Subrogation is a term that's understood among legal and insurance professionals but often not by the people they represent. Rather than leave it to the professionals, it would be in your benefit to understand the nuances of the process. The more you know, the more likely it is that an insurance lawsuit will work out in your favor.
Every insurance policy you hold is a promise that, if something bad occurs, the insurer of the policy will make restitutions in a timely manner. If your vehicle is hit, insurance adjusters (and the judicial system, when necessary) determine who was to blame and that party's insurance covers the damages.
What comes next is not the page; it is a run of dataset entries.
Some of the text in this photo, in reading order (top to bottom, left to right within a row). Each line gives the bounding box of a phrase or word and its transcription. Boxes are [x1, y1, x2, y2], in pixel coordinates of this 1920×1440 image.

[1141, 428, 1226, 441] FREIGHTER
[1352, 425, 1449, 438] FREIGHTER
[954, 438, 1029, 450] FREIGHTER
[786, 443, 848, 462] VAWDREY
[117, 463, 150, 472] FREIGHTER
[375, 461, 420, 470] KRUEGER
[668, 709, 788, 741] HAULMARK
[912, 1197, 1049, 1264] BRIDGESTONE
But since ascertaining who is financially accountable for services or repairs is regularly a heavily involved affair a€" and delay sometimes increases the damage to the victim a€" insurance firms usually decide to pay up front and figure out the blame after the fact. They then need a path to get back the costs if, once the situation is fully assessed, they weren't responsible for the expense.
Let's Look at an Example
You rush into the doctor's office with a sliced-open finger. You hand the receptionist your medical insurance card and he records your plan information. You get taken care of and your insurance company is billed for the medical care. But the next afternoon, when you get to work a€" where the injury occurred a€" you are given workers compensation forms to turn in. Your workers comp policy is in fact responsible for the bill, not your medical insurance policy. The latter has an interest in recovering its money in some way.
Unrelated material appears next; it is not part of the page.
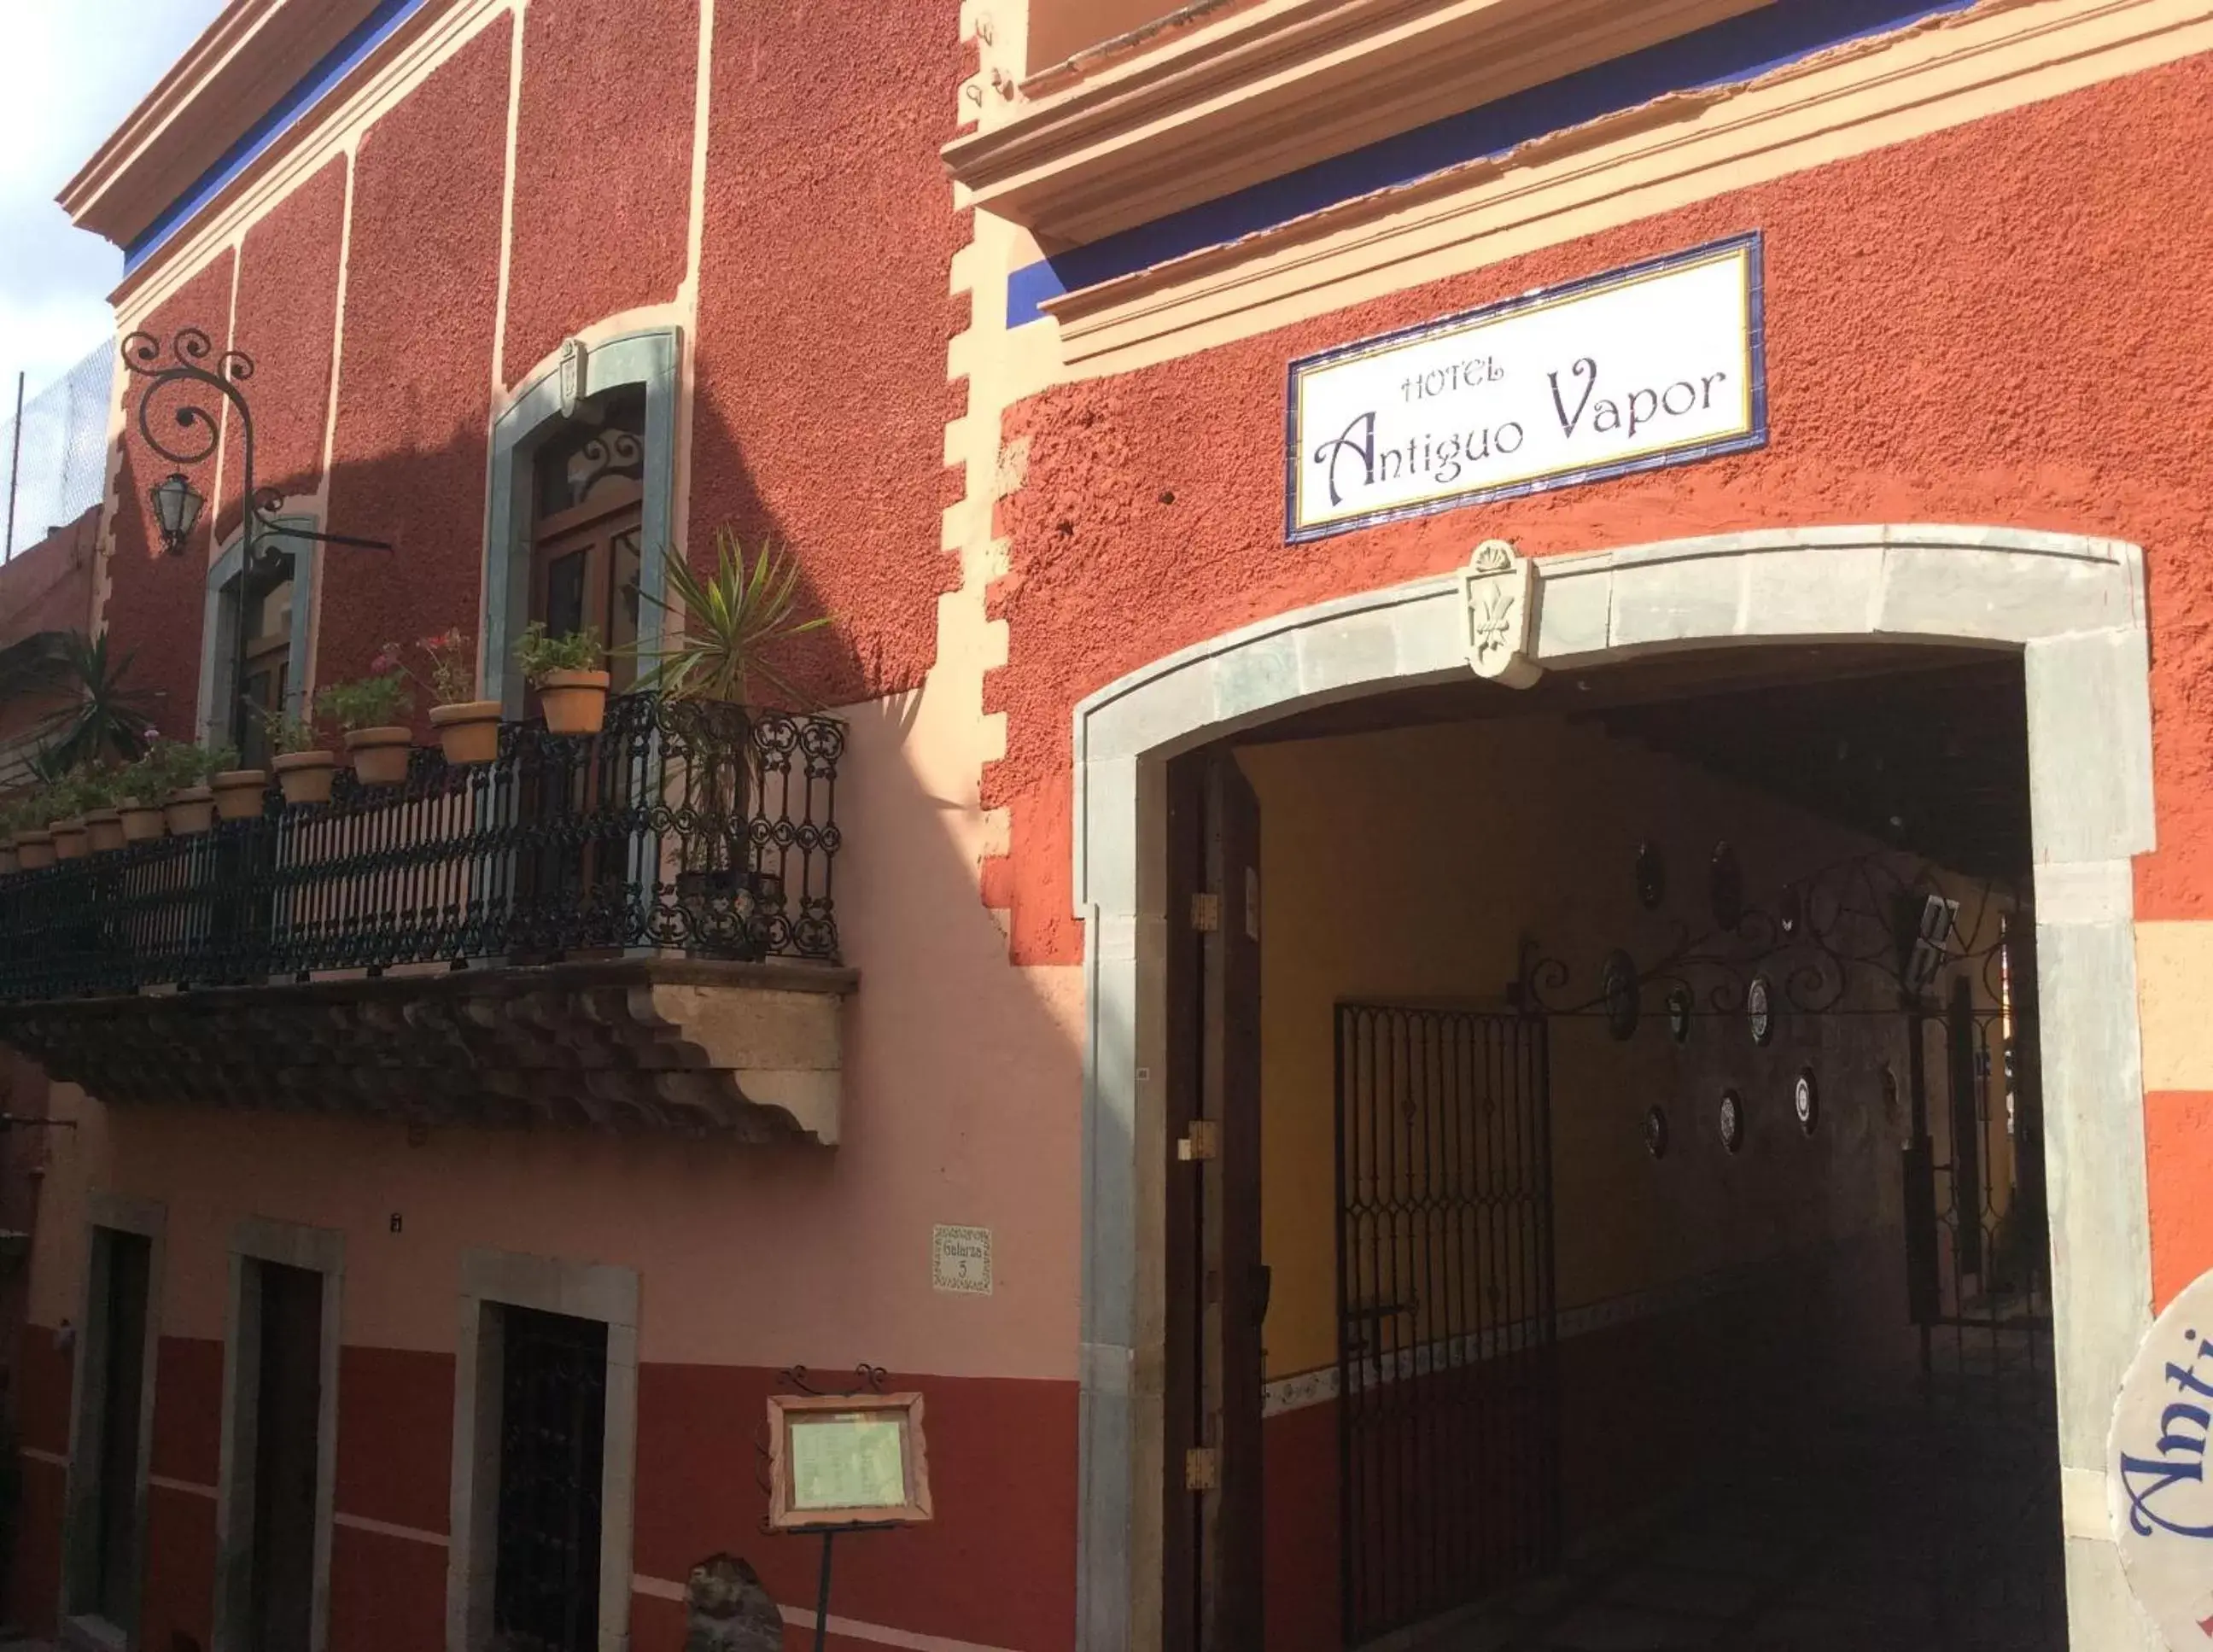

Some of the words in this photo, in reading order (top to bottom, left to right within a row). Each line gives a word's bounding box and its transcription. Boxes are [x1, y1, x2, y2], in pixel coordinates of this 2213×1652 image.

[1401, 355, 1504, 401] HOTEL
[1314, 411, 1524, 507] Antiguo
[1547, 357, 1726, 439] Vapor
How Does Subrogation Work?
This is where subrogation comes in. It is the method that an insurance company uses to claim payment after it has paid for something that should have been paid by some other entity. Some insurance firms have in-house property damage lawyers and personal injury attorneys, or a department dedicated to subrogation; others contract with a law firm. Normally, only you can sue for damages done to your person or property. But under subrogation law, your insurance company is given some of your rights for making good on the damages. It can go after the money that was originally due to you, because it has covered the amount already.
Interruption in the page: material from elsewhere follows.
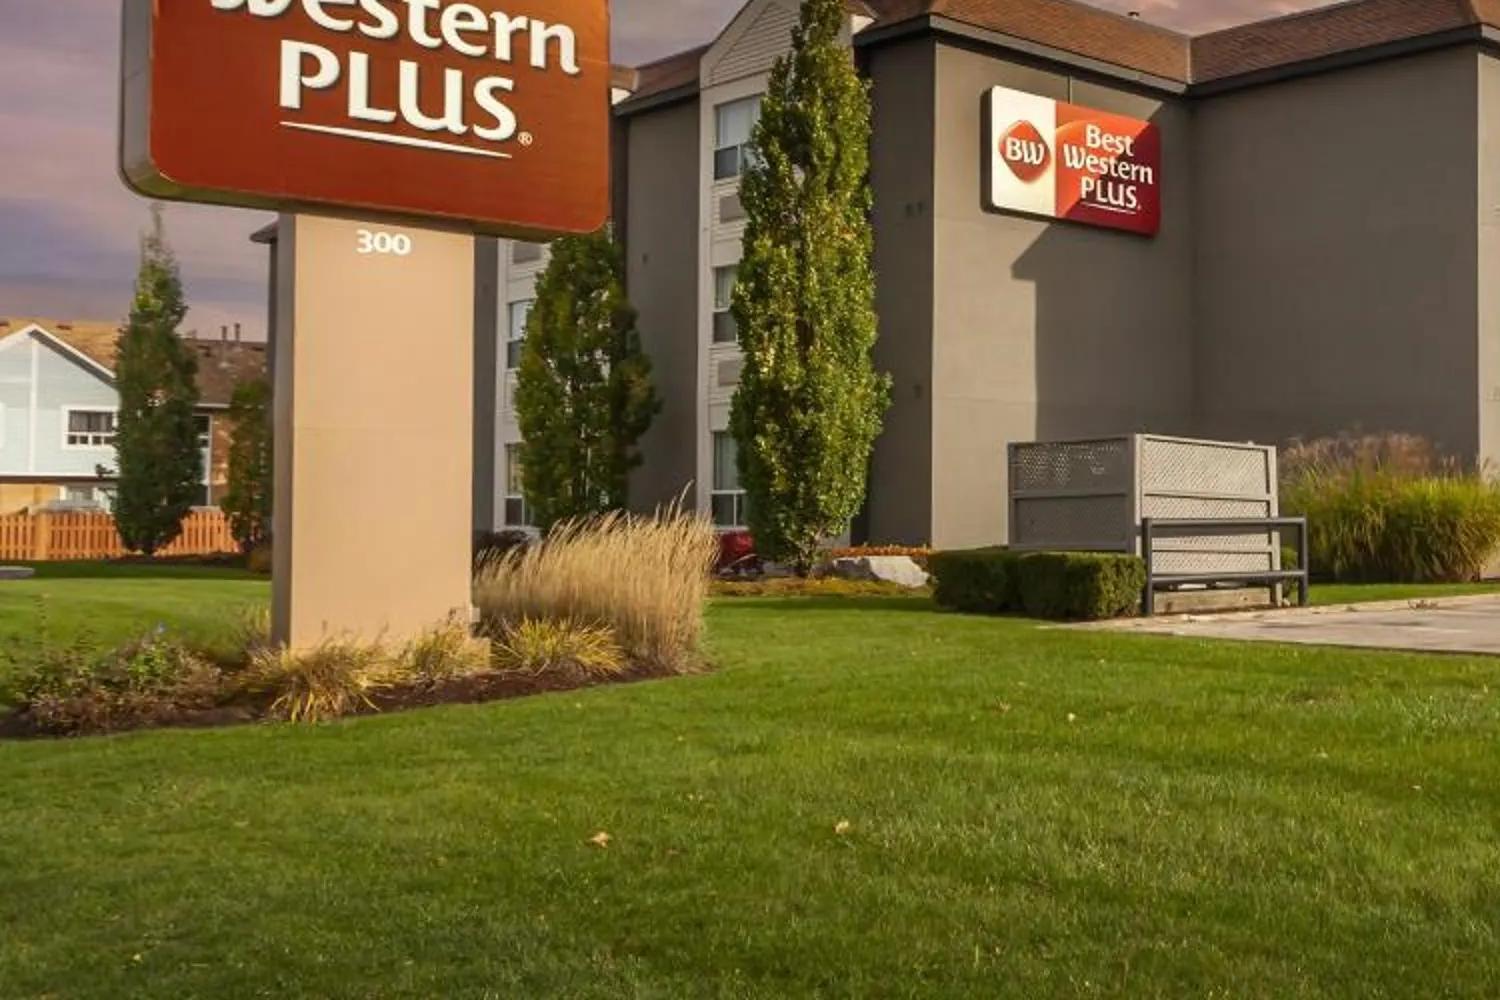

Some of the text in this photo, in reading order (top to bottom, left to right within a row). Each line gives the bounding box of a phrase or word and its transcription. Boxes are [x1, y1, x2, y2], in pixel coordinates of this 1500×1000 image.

How Does This Affect Individuals?
For starters, if you have a deductible, your insurance company wasn't the only one that had to pay. In a $10,000 accident with a $1,000 deductible, you have a stake in the outcome as well a€" to be precise, $1,000. If your insurance company is unconcerned with pursuing subrogation even when it is entitled, it might choose to recover its losses by increasing your premiums. On the other hand, if it has a capable legal team and goes after those cases efficiently, it is doing you a favor as well as itself. If all of the money is recovered, you will get your full deductible back. If it recovers half (for instance, in a case where you are found 50 percent responsible), you'll typically get $500 back, depending on the laws in your state.
Furthermore, if the total price of an accident is over your maximum coverage amount, you may have had to pay the difference. If your insurance company or its property damage lawyers, such as worker compensation terms Canton GA, pursue subrogation and succeeds, it will recover your expenses as well as its own.
All insurance companies are not the same. When shopping around, it's worth comparing the reputations of competing agencies to determine if they pursue legitimate subrogation claims; if they do so fast; if they keep their clients posted as the case proceeds; and if they then process successfully won reimbursements quickly so that you can get your losses back and move on with your life. If, on the other hand, an insurance company has a record of paying out claims that aren't its responsibility and then safeguarding its bottom line by raising your premiums, you'll feel the sting later.